La critique sévère de « Makala » parue dans Les Cahiers du Cinéma accuse un peu vite le cinéaste d’avoir opté pour un parti-pris esthétisant qui néglige totalement l’aspect politique d’un récit se fondant sur ce qu’on appelle aujourd’hui la « pénibilité » du travail. Dans une interview, Emmanuel Gras, le réalisateur répond indirectement à ces reproches en expliquant que, sans aucunement ignorer la dimension politique de ce qu’il montre, il a préféré se focaliser sur l’accomplissement du travail effectué plutôt que sur les souffrances qu’il génère.
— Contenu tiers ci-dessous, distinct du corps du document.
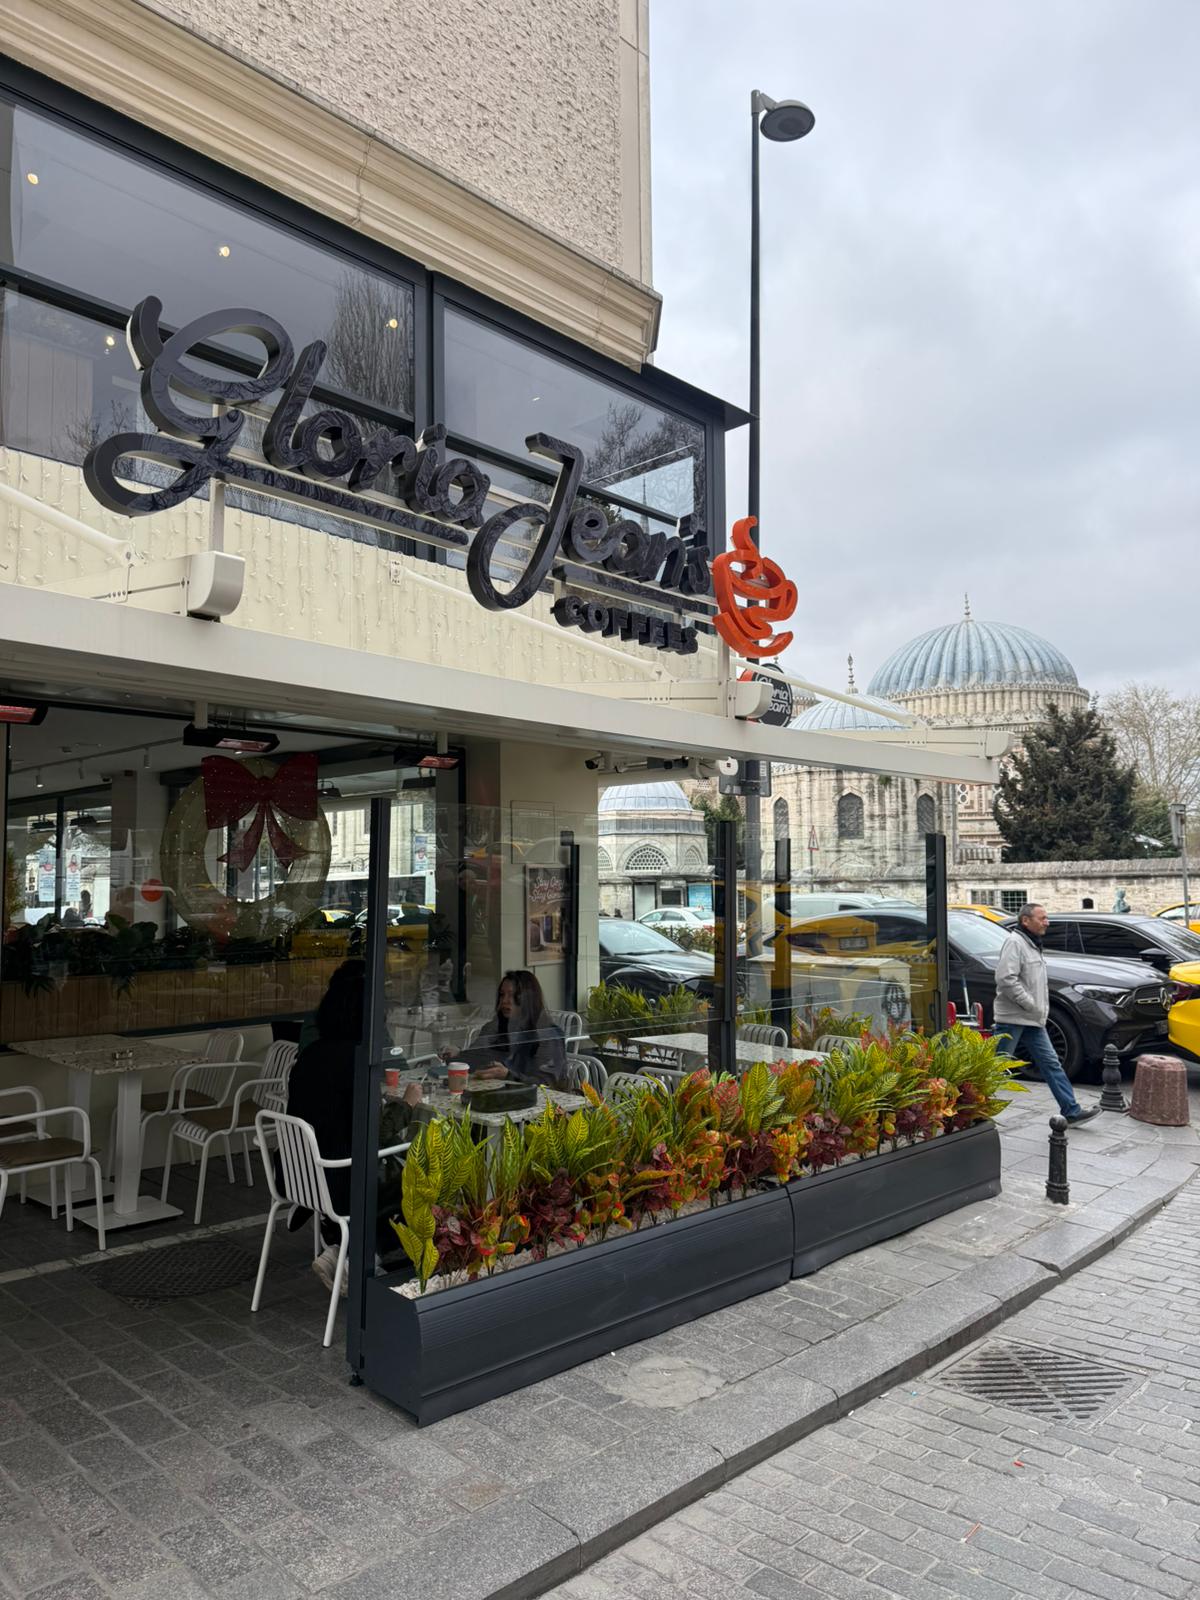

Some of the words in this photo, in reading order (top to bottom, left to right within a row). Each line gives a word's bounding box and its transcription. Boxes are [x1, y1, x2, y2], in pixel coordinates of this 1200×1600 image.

Ce choix, à mon avis, n’a rien de choquant. Quant à prétendre que le cinéaste se complaît tellement dans la beauté des images que sa « posture éthique en devient intenable », c’est une accusation qui me semble injustifiée. La caméra, bien au contraire, demeure presque constamment à hauteur de son personnage et le film reste, d’un bout à l’autre, fortement marqué par son ambition quasi documentaire.
« Makala » (qui veut dire charbon en swahili) peut se résumer facilement : il nous est montré comment Kabwita Kasongo, un homme du fin fond du Congo, choisit et abat un arbre, puis fabrique le four en terre avec lequel il produit son charbon de bois. Ce travail effectué, le plus dur reste à faire : le charbon doit être mis dans des sacs, eux-mêmes fixés sur un simple vélo, et être acheminé par ce moyen jusqu’à Kolwezi, à une cinquantaine de kilomètres de là, afin de le vendre. Tendu vers son projet de gagner l’argent qui lui permettra de procurer une vie meilleure à ses proches, le charbonnier, poussant son véhicule si surchargé qu’on se demande comment cela peut tenir, accomplit ce trajet comme un forçat. Emmanuel Gras met peut-être de côté la dimension politique du récit, mais il prend délibérément le parti de l’homme : il l’accompagne patiemment, n’ignorant rien de son obstination ni des dangers qui le menacent. Après les chemins rocailleux qu’il emprunte au début de son voyage, la route à laquelle il parvient (si l’on peut parler de route) n’est plus facile pour son vélo qu’en apparence car le risque d’être renversé par un des camions qui y roulent est énorme. Il s’y trouve même des hommes peu scrupuleux qui exigent leur rançon pour le laisser passer.
Pourtant, et c’est ce que s’attache à montrer le réalisateur, la détermination de l’homme reste entière. On devine qu’il puise sa force en ne perdant jamais de vue son objectif : le travail harassant qu’il accomplit, c’est pour le bien de ses proches, c’est pour gagner l’argent qui permettra de mieux vivre. Mais on perçoit aussi nettement autre chose, une autre source où puiser l’énergie nécessaire, et cette source a pour nom la prière. L’homme prie à deux reprises au cours du film : au début, après avoir abattu l’arbre avec lequel il fera son charbon, il demande à Dieu la force dont il a besoin et lui confie sa famille ; et à la fin, arrivé à Kolwezi, il entre dans un lieu de culte et fait une prière semblable, sans se laisser gagner par l’exaltation des autres chrétiens présents, mais en préférant une manière plus recueillie d’affirmer sa confiance en Dieu. Et si la prière de la fin du film ressemble à celle du début, tout en étant plus développée, c’est sans doute parce l’homme sait que son chemin de labeur est loin d’être fini et qu’il lui faudra encore bien du courage pour le parcourir, et un courage tel qu’il n’est pas possible d’en trouver suffisamment en ne comptant que sur soi-même.